Problem to work on: Each record that follows should be transcribed word for word.
(Entries shown Opens)
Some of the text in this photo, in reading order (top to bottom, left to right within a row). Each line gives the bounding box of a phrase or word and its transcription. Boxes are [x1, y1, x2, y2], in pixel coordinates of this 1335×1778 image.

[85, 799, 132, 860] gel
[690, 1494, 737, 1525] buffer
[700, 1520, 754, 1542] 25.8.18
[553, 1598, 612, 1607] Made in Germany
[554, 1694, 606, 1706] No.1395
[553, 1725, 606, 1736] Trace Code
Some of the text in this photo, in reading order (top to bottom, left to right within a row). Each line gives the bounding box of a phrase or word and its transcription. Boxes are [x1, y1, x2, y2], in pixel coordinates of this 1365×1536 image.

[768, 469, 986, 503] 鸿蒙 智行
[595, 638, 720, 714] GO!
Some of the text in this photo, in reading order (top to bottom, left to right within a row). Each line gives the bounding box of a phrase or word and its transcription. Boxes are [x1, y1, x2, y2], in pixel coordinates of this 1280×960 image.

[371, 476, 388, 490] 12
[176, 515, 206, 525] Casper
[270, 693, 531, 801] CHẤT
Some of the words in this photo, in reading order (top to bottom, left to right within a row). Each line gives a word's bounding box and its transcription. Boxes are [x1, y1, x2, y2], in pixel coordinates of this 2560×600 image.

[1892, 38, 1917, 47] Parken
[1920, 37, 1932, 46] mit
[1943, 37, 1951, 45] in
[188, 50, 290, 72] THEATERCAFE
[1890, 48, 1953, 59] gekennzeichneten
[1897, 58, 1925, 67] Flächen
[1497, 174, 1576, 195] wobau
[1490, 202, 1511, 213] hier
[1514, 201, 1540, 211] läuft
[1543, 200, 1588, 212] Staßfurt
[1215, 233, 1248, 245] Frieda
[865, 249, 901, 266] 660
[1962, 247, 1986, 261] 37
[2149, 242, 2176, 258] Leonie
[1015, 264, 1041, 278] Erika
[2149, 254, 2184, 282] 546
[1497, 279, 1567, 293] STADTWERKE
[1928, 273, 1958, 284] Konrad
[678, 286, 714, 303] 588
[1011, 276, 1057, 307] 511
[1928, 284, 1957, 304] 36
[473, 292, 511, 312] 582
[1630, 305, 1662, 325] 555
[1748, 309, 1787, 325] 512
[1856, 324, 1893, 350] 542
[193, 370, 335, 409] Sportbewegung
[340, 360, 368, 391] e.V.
(Entries shown Closes)
Task solution:
Some of the text in this photo, in reading order (top to bottom, left to right within a row). Each line gives the bounding box of a phrase or word and its transcription. Boxes are [x1, y1, x2, y2], in pixel coordinates of this 1335×1778 image.

[85, 799, 132, 860] gel
[690, 1494, 737, 1525] buffer
[700, 1520, 754, 1542] 25.8.18
[553, 1598, 612, 1607] Made in Germany
[554, 1694, 606, 1706] No.1395
[553, 1725, 606, 1736] Trace Code
Some of the text in this photo, in reading order (top to bottom, left to right within a row). Each line gives the bounding box of a phrase or word and its transcription. Boxes are [x1, y1, x2, y2], in pixel coordinates of this 1365×1536 image.

[768, 469, 986, 503] 鸿蒙 智行
[595, 638, 720, 714] GO!
Some of the text in this photo, in reading order (top to bottom, left to right within a row). Each line gives the bounding box of a phrase or word and its transcription. Boxes are [x1, y1, x2, y2], in pixel coordinates of this 1280×960 image.

[371, 476, 388, 490] 12
[176, 515, 206, 525] Casper
[270, 693, 531, 801] CHẤT
Some of the words in this photo, in reading order (top to bottom, left to right within a row). Each line gives a word's bounding box and its transcription. Boxes are [x1, y1, x2, y2], in pixel coordinates of this 2560×600 image.

[1892, 38, 1917, 47] Parken
[1920, 37, 1932, 46] mit
[1943, 37, 1951, 45] in
[188, 50, 290, 72] THEATERCAFE
[1890, 48, 1953, 59] gekennzeichneten
[1897, 58, 1925, 67] Flächen
[1497, 174, 1576, 195] wobau
[1490, 202, 1511, 213] hier
[1514, 201, 1540, 211] läuft
[1543, 200, 1588, 212] Staßfurt
[1215, 233, 1248, 245] Frieda
[865, 249, 901, 266] 660
[1962, 247, 1986, 261] 37
[2149, 242, 2176, 258] Leonie
[1015, 264, 1041, 278] Erika
[2149, 254, 2184, 282] 546
[1497, 279, 1567, 293] STADTWERKE
[1928, 273, 1958, 284] Konrad
[678, 286, 714, 303] 588
[1011, 276, 1057, 307] 511
[1928, 284, 1957, 304] 36
[473, 292, 511, 312] 582
[1630, 305, 1662, 325] 555
[1748, 309, 1787, 325] 512
[1856, 324, 1893, 350] 542
[193, 370, 335, 409] Sportbewegung
[340, 360, 368, 391] e.V.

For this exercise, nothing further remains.